Interventions to Decrease Use in Prehospital and Emergency Care Settings Among Super-Utilizers in the United States: A Systematic Review

Principal Investigator
University of Michigan Health System and a Health Services
Gerald R. Ford School of Public Policy, University of Michigan

Overview

In health care policy circles, the term “super-utilizer” has come to define a small population of individuals whose acute care needs are responsible for disproportionately high health care spending. This group has been the subject of much attention as health care systems work to reduce costs and provide better care.

As part of their work to understand best practices for addressing the medical and social needs of high-need/high-cost patients, Samantha Iovan, Paula Lantz, Katie Allan, and Mahshid Abir, representing P4A’s University of Michigan Research Hub, published a systematic review examining interventions that are being implemented to address super-utilizers in prehospital and emergency care settings in the U.S. The article in Medical Care Research and Review includes studies from the peer-reviewed and grey literature from 2000-2017.

Findings

The systematic review included 46 evaluations of interventions to address super-utilizer patients in the U.S. The most common intervention evaluated was case management, followed by medical care plans and care coordination.

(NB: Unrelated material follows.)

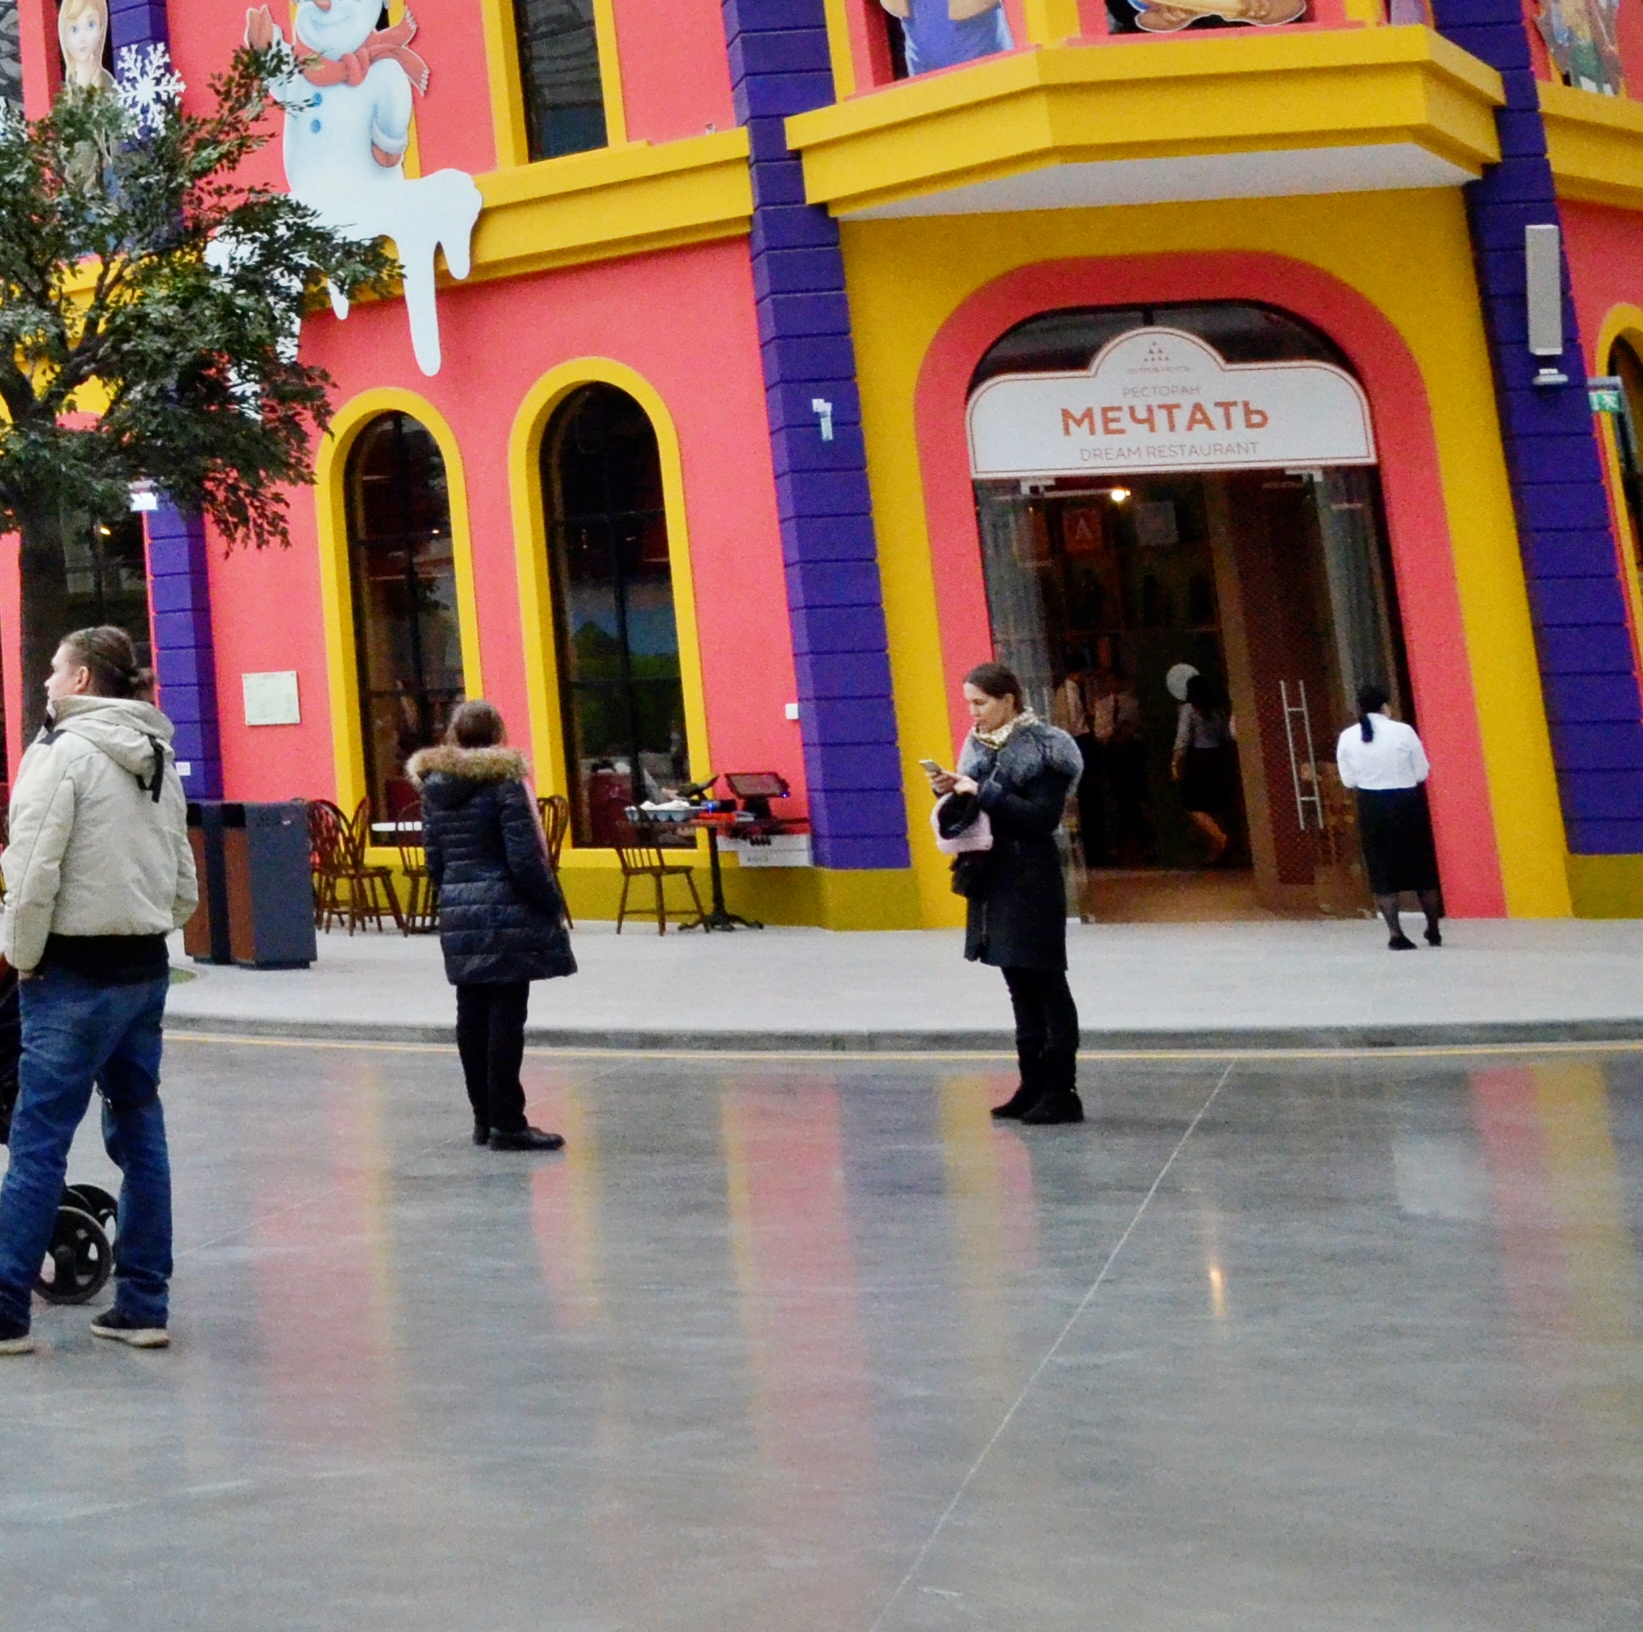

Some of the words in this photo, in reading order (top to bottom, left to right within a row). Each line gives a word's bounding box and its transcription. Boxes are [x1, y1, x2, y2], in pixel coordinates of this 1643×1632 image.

[1122, 384, 1203, 399] РЕСТОРАН
[1060, 400, 1270, 437] МЕЧТАТЬ
[1080, 445, 1143, 462] DREAM
[1146, 441, 1260, 459] RESTAURANT

Notably, most interventions were tailored to provide personalized care, including social services, based on patients’ individual needs.

The analysis revealed several flaws in the current evaluation research literature on super-utilizers:

  • Out of 46 evaluations, eight (17%) were randomized controlled trials and nine (20%) used a quasi-experimental design. This means that 29 evaluations (63%) had no control group.
  • Most studies (89%) evaluated outcomes over 12 months or less, making it difficult to gauge the lasting impact of the interventions.
  • Definitions of super-utilizers varied significantly across studies, ranging from patients having more than two ED visits in six months, to patients with more than 25 ED visits in one year.

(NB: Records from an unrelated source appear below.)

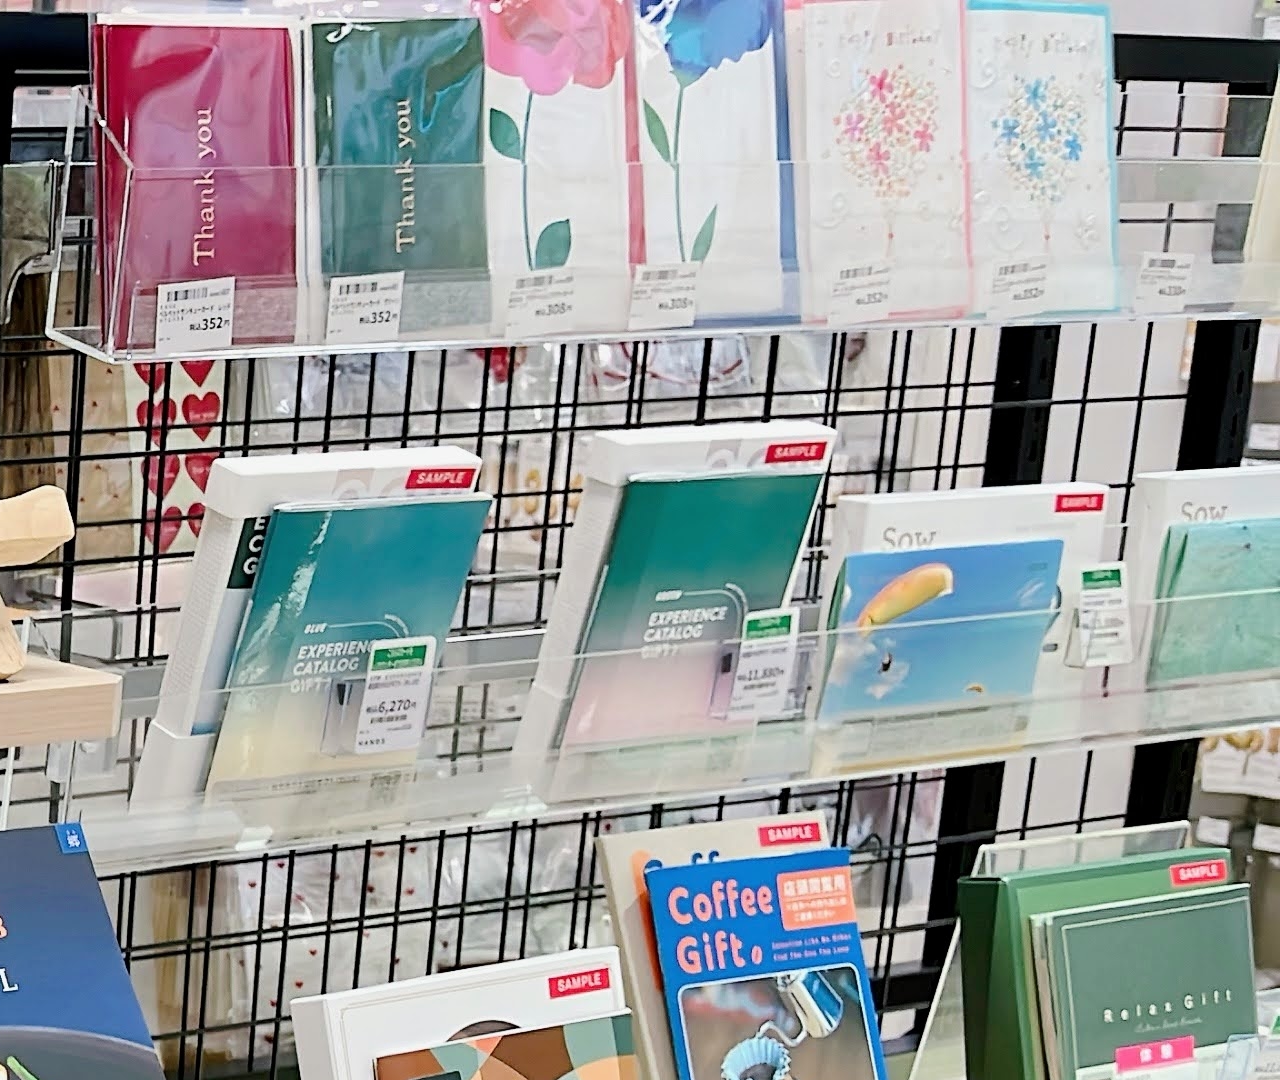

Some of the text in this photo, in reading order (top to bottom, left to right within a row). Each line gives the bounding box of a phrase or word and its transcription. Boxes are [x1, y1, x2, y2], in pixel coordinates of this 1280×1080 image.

[395, 100, 416, 254] Thank you
[193, 107, 217, 267] Thank you
[416, 471, 465, 485] SAMPLE
[648, 606, 728, 626] EXPERIENCE
[643, 624, 703, 642] CATALOG
[293, 658, 359, 676] CATALOG
[767, 826, 814, 842] SAMPLE
[1179, 863, 1219, 881] SAMPLE
[668, 879, 774, 925] Coffee
[557, 973, 603, 994] SAMPLE

Of the eight randomized controlled trials, only three demonstrated significant reductions in emergency department and/or emergency services use; five of the nine quasi-experimental designs showed some positive findings for reducing emergency department and/or emergency services use.

Implications for Policy and Practice

Although some of the interventions are promising, weak study designs—including the likelihood of regression to the mean—make it difficult to draw conclusions about effectiveness. The lack of high-quality studies in the literature is very concerning given the enthusiasm for these programs in the health care community. It is imperative that additional rigorous evaluations be conducted to establish evidence for these programs and to ensure vulnerable populations are not receiving interventions that are ineffective. Until additional strong evaluations indicate such effectiveness, health care systems should be cautious about using these types of interventions with their super-utilizer populations.